Complete example with cost control based on labs/lab04-autonomy/main.go:

package main

import (
    "context"
    "fmt"
    "os"
    "time"

    "github.com/sashabaranov/go-openai"
)

const (
    MaxTokensPerRequest = 10000
    MaxIterations      = 10
    LLMTimeout         = 30 * time.Second
    AgentTimeout       = 5 * time.Minute
)

type TokenBudget struct {
    Used  int
    Limit int
}

func checkTokenBudget(budget TokenBudget) error {
    if budget.Used > budget.Limit {
        return fmt.Errorf("token budget exceeded: %d > %d", budget.Used, budget.Limit)
    }
    return nil
}

func selectModel(taskComplexity string) string {
    if taskComplexity == "simple" {
        return openai.GPT3Dot5Turbo
    }
    return openai.GPT4
}

func checkDisk() string { return "Disk Usage: 95% (CRITICAL). Large folder: /var/log" }
func cleanLogs() string { return "Logs cleaned. Freed 20GB." }

func main() {
    token := os.Getenv("OPENAI_API_KEY")
    baseURL := os.Getenv("OPENAI_BASE_URL")
    if token == "" {
        token = "dummy"
    }

    config := openai.DefaultConfig(token)
    if baseURL != "" {
        config.BaseURL = baseURL
    }
    client := openai.NewClientWithConfig(config)

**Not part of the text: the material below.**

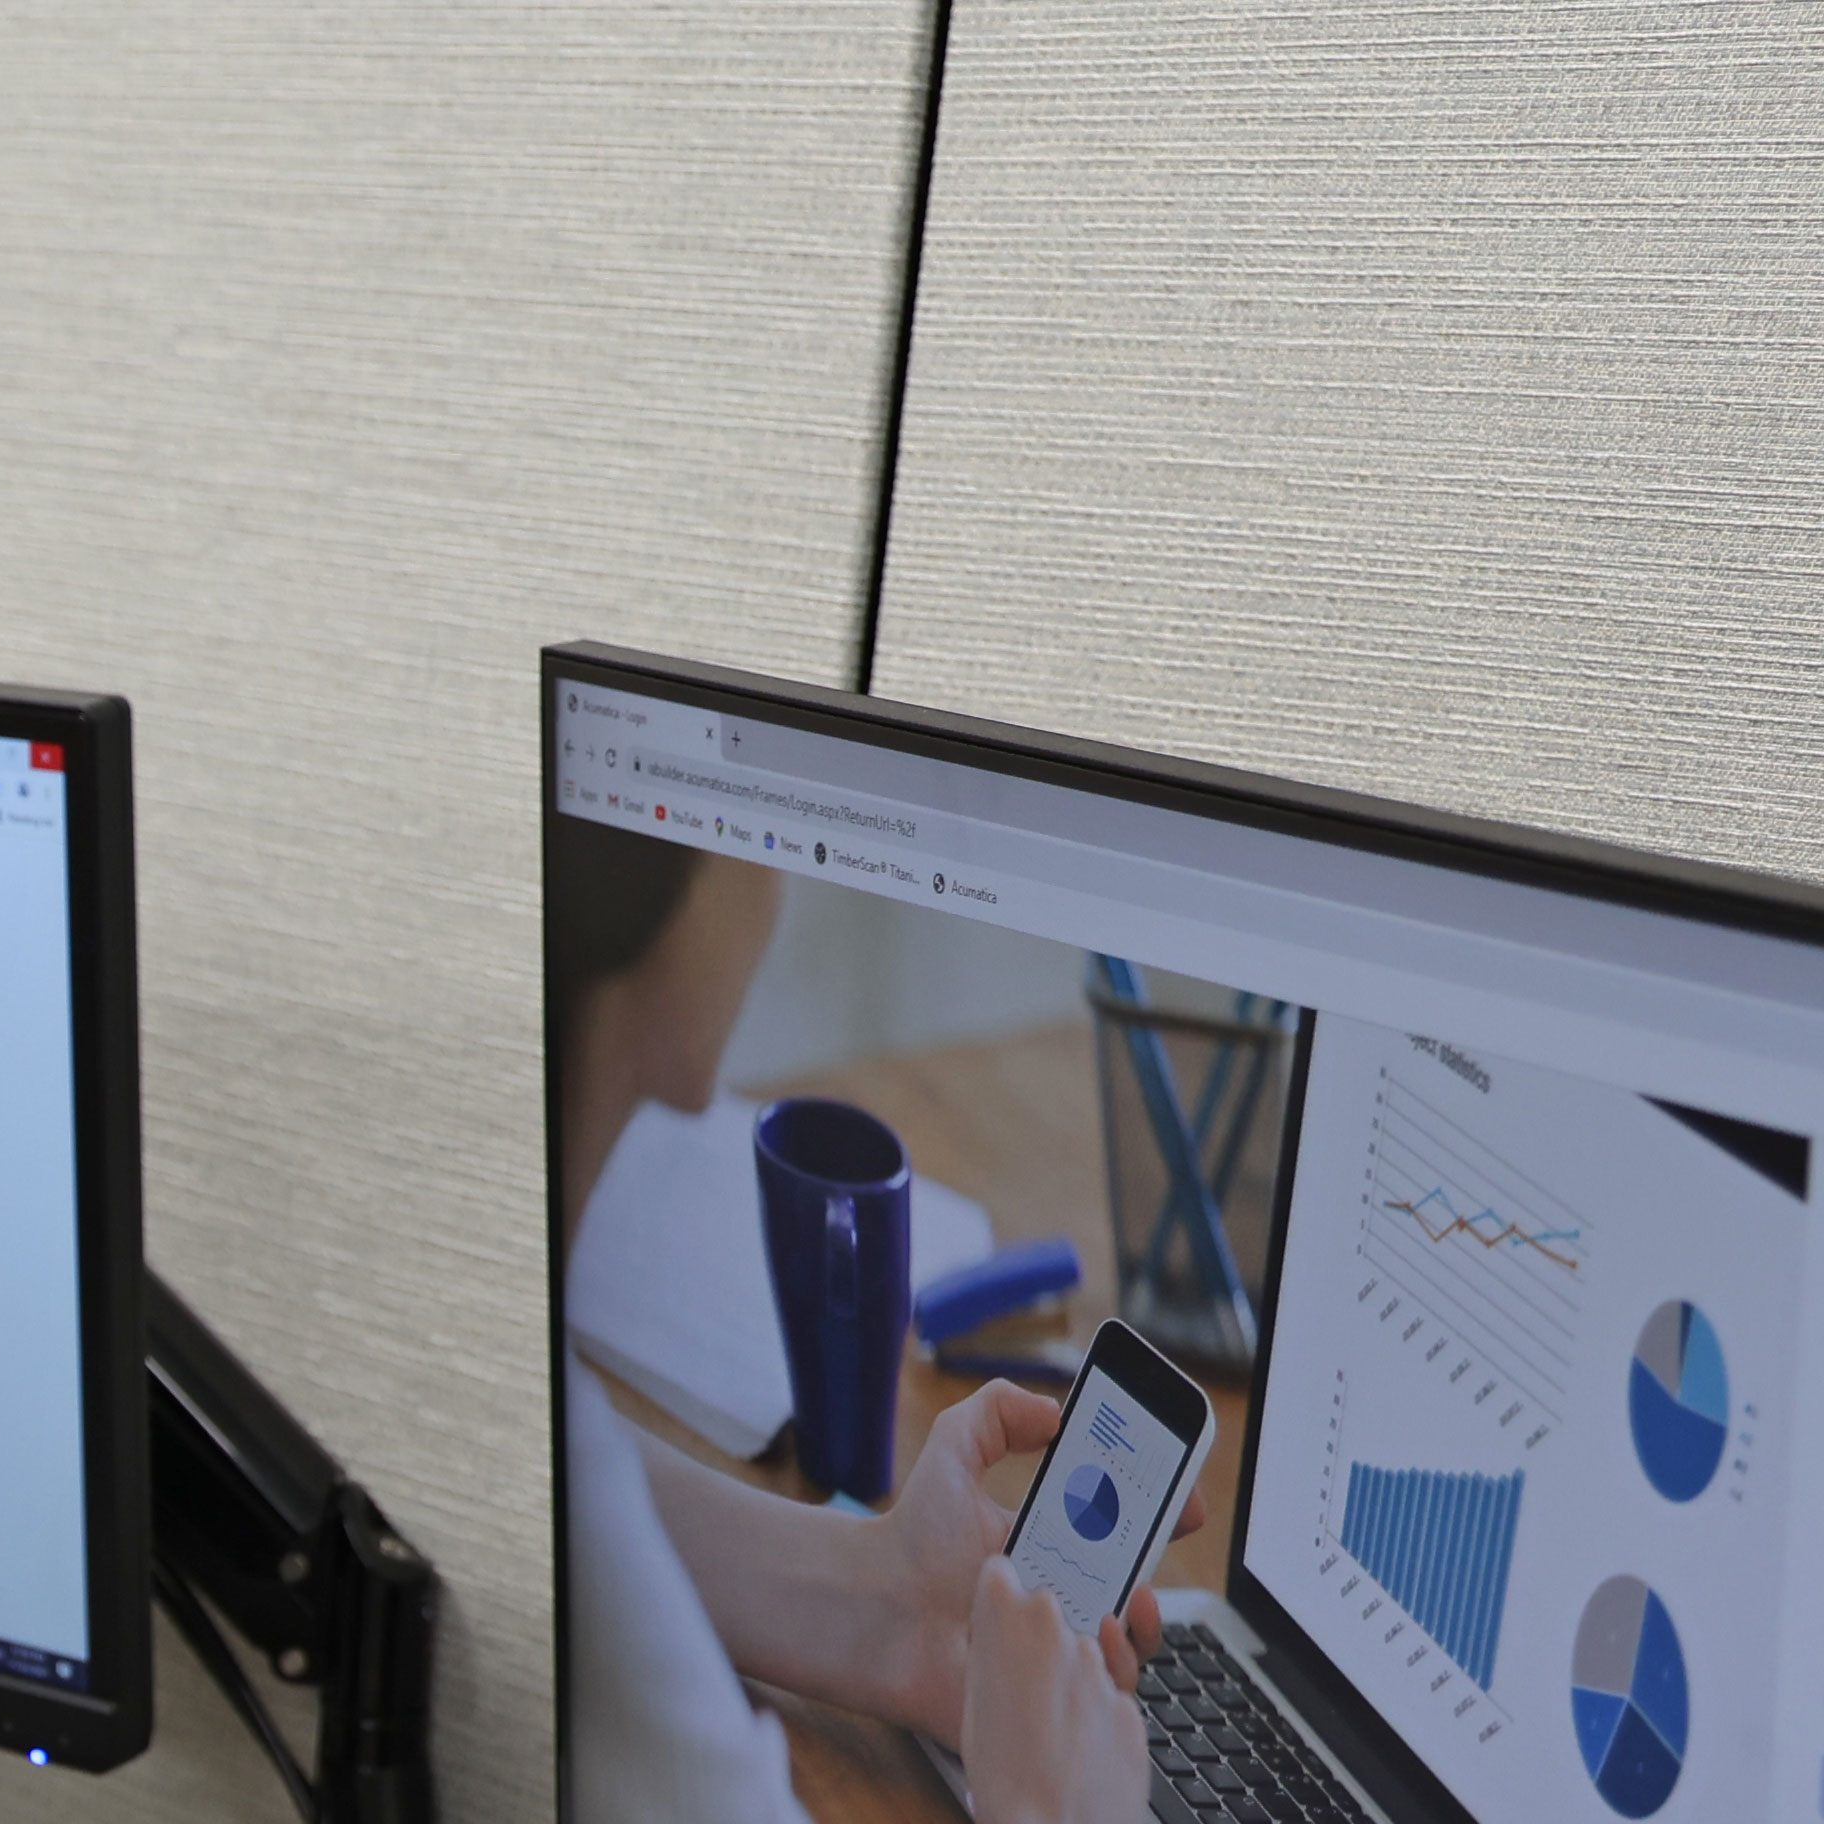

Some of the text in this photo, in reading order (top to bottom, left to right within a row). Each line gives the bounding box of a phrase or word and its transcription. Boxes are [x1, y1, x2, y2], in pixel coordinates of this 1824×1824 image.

[671, 809, 703, 829] YouTube
[730, 824, 752, 843] Maps
[780, 836, 803, 855] News
[951, 879, 998, 904] Acumatica

    ctx, cancel := context.WithTimeout(context.Background(), AgentTimeout)
    defer cancel()

    userInput := "I'm out of disk space. Fix it."

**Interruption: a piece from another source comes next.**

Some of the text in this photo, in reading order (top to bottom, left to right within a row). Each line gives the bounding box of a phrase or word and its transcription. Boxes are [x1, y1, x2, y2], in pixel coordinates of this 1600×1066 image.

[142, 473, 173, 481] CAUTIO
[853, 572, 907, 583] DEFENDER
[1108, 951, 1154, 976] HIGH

    // Determine task complexity
    model := selectModel("simple") // For simple tasks use GPT-3.5

    tokenBudget := TokenBudget{Limit: MaxTokensPerRequest}

    tools := []openai.Tool{
        {
            Type: openai.ToolTypeFunction,
            Function: &openai.FunctionDefinition{
                Name:        "check_disk",
                Description: "Check current disk usage",
            },
        },
        {
            Type: openai.ToolTypeFunction,
            Function: &openai.FunctionDefinition{
                Name:        "clean_logs",
                Description: "Delete old logs to free space",
            },
        },
    }

    messages := []openai.ChatCompletionMessage{
        {Role: openai.ChatMessageRoleSystem, Content: "You are an autonomous DevOps agent."},
        {Role: openai.ChatMessageRoleUser, Content: userInput},
    }

    fmt.Println("Starting Agent Loop...")

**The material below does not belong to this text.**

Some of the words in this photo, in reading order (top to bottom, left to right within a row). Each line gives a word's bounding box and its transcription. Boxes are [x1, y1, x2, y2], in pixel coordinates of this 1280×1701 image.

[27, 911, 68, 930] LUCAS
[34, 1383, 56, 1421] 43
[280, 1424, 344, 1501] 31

    for i := 0; i < MaxIterations; i++ {
        // Check budget before request
        if err := checkTokenBudget(tokenBudget); err != nil {
            fmt.Printf("Budget exceeded: %v\n", err)
            break
        }

        req := openai.ChatCompletionRequest{
            Model:    model,
            Messages: messages,
            Tools:    tools,
        }

        // Timeout for each LLM call
        callCtx, callCancel := context.WithTimeout(ctx, LLMTimeout)
        resp, err := client.CreateChatCompletion(callCtx, req)
        callCancel()

        if err != nil {
            if err == context.DeadlineExceeded {
                fmt.Printf("LLM call timeout\n")
                break
            }
            panic(fmt.Sprintf("API Error: %v", err))
        }

        msg := resp.Choices[0].Message
        messages = append(messages, msg)

        // Update budget
        tokenBudget.Used += resp.Usage.TotalTokens
        fmt.Printf("Tokens used: %d / %d\n", tokenBudget.Used, tokenBudget.Limit)

        if len(msg.ToolCalls) == 0 {
            fmt.Println("AI:", msg.Content)
            break
        }

        for _, toolCall := range msg.ToolCalls {
            fmt.Printf("Executing tool: %s\n", toolCall.Function.Name)

            var result string
            if toolCall.Function.Name == "check_disk" {
                result = checkDisk()
            } else if toolCall.Function.Name == "clean_logs" {
                result = cleanLogs()
            }

            fmt.Println("Tool Output:", result)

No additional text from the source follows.